## Dataset records
--- --- ---

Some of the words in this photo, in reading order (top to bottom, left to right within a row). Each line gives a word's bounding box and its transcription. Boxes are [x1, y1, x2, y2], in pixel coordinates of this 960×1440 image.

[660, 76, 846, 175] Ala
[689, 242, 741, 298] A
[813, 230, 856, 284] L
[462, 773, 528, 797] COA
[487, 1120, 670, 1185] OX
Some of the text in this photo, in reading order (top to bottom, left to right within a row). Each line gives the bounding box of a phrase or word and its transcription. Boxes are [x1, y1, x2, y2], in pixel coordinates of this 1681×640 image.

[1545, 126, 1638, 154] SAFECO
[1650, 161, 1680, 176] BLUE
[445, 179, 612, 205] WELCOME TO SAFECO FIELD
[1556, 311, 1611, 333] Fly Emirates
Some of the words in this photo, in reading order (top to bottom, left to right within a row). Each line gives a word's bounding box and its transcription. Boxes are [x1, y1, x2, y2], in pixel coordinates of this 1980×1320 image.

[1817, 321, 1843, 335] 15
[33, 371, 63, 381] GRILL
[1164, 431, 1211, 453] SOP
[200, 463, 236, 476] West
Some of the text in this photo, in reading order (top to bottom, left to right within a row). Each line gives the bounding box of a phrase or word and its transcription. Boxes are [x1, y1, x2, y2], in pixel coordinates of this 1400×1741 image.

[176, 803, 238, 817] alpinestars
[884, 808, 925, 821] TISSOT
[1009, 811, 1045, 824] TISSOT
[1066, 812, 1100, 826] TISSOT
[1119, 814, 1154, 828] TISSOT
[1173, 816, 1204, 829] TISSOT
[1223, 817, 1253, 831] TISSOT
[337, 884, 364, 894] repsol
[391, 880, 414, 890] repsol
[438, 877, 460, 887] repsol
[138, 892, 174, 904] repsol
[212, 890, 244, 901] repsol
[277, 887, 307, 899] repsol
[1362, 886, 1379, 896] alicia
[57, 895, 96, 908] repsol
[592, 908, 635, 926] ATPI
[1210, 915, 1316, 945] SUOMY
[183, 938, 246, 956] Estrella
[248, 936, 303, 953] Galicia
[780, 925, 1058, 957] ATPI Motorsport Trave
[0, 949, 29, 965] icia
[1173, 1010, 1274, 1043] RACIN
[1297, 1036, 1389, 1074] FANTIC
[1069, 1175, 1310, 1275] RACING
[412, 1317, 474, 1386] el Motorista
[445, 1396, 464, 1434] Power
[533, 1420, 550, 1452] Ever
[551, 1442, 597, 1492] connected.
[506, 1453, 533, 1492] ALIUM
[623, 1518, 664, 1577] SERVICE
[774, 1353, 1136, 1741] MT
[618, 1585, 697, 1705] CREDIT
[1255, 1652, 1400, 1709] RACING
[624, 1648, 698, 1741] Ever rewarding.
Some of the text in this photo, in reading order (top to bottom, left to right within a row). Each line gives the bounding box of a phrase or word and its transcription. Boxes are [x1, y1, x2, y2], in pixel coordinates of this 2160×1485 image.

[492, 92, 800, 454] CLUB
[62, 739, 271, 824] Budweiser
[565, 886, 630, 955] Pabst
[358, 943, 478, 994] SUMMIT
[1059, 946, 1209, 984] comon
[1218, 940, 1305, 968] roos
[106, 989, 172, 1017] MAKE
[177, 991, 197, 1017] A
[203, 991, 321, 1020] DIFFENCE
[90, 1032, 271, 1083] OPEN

--- --- ---

## What to produce
Using the material above, output each line exactly as it appears.

## Result
Some of the words in this photo, in reading order (top to bottom, left to right within a row). Each line gives a word's bounding box and its transcription. Boxes are [x1, y1, x2, y2], in pixel coordinates of this 960×1440 image.

[660, 76, 846, 175] Ala
[689, 242, 741, 298] A
[813, 230, 856, 284] L
[462, 773, 528, 797] COA
[487, 1120, 670, 1185] OX
Some of the text in this photo, in reading order (top to bottom, left to right within a row). Each line gives the bounding box of a phrase or word and its transcription. Boxes are [x1, y1, x2, y2], in pixel coordinates of this 1681×640 image.

[1545, 126, 1638, 154] SAFECO
[1650, 161, 1680, 176] BLUE
[445, 179, 612, 205] WELCOME TO SAFECO FIELD
[1556, 311, 1611, 333] Fly Emirates
Some of the words in this photo, in reading order (top to bottom, left to right within a row). Each line gives a word's bounding box and its transcription. Boxes are [x1, y1, x2, y2], in pixel coordinates of this 1980×1320 image.

[1817, 321, 1843, 335] 15
[33, 371, 63, 381] GRILL
[1164, 431, 1211, 453] SOP
[200, 463, 236, 476] West
Some of the text in this photo, in reading order (top to bottom, left to right within a row). Each line gives the bounding box of a phrase or word and its transcription. Boxes are [x1, y1, x2, y2], in pixel coordinates of this 1400×1741 image.

[176, 803, 238, 817] alpinestars
[884, 808, 925, 821] TISSOT
[1009, 811, 1045, 824] TISSOT
[1066, 812, 1100, 826] TISSOT
[1119, 814, 1154, 828] TISSOT
[1173, 816, 1204, 829] TISSOT
[1223, 817, 1253, 831] TISSOT
[337, 884, 364, 894] repsol
[391, 880, 414, 890] repsol
[438, 877, 460, 887] repsol
[138, 892, 174, 904] repsol
[212, 890, 244, 901] repsol
[277, 887, 307, 899] repsol
[1362, 886, 1379, 896] alicia
[57, 895, 96, 908] repsol
[592, 908, 635, 926] ATPI
[1210, 915, 1316, 945] SUOMY
[183, 938, 246, 956] Estrella
[248, 936, 303, 953] Galicia
[780, 925, 1058, 957] ATPI Motorsport Trave
[0, 949, 29, 965] icia
[1173, 1010, 1274, 1043] RACIN
[1297, 1036, 1389, 1074] FANTIC
[1069, 1175, 1310, 1275] RACING
[412, 1317, 474, 1386] el Motorista
[445, 1396, 464, 1434] Power
[533, 1420, 550, 1452] Ever
[551, 1442, 597, 1492] connected.
[506, 1453, 533, 1492] ALIUM
[623, 1518, 664, 1577] SERVICE
[774, 1353, 1136, 1741] MT
[618, 1585, 697, 1705] CREDIT
[1255, 1652, 1400, 1709] RACING
[624, 1648, 698, 1741] Ever rewarding.
Some of the text in this photo, in reading order (top to bottom, left to right within a row). Each line gives the bounding box of a phrase or word and its transcription. Boxes are [x1, y1, x2, y2], in pixel coordinates of this 2160×1485 image.

[492, 92, 800, 454] CLUB
[62, 739, 271, 824] Budweiser
[565, 886, 630, 955] Pabst
[358, 943, 478, 994] SUMMIT
[1059, 946, 1209, 984] comon
[1218, 940, 1305, 968] roos
[106, 989, 172, 1017] MAKE
[177, 991, 197, 1017] A
[203, 991, 321, 1020] DIFFENCE
[90, 1032, 271, 1083] OPEN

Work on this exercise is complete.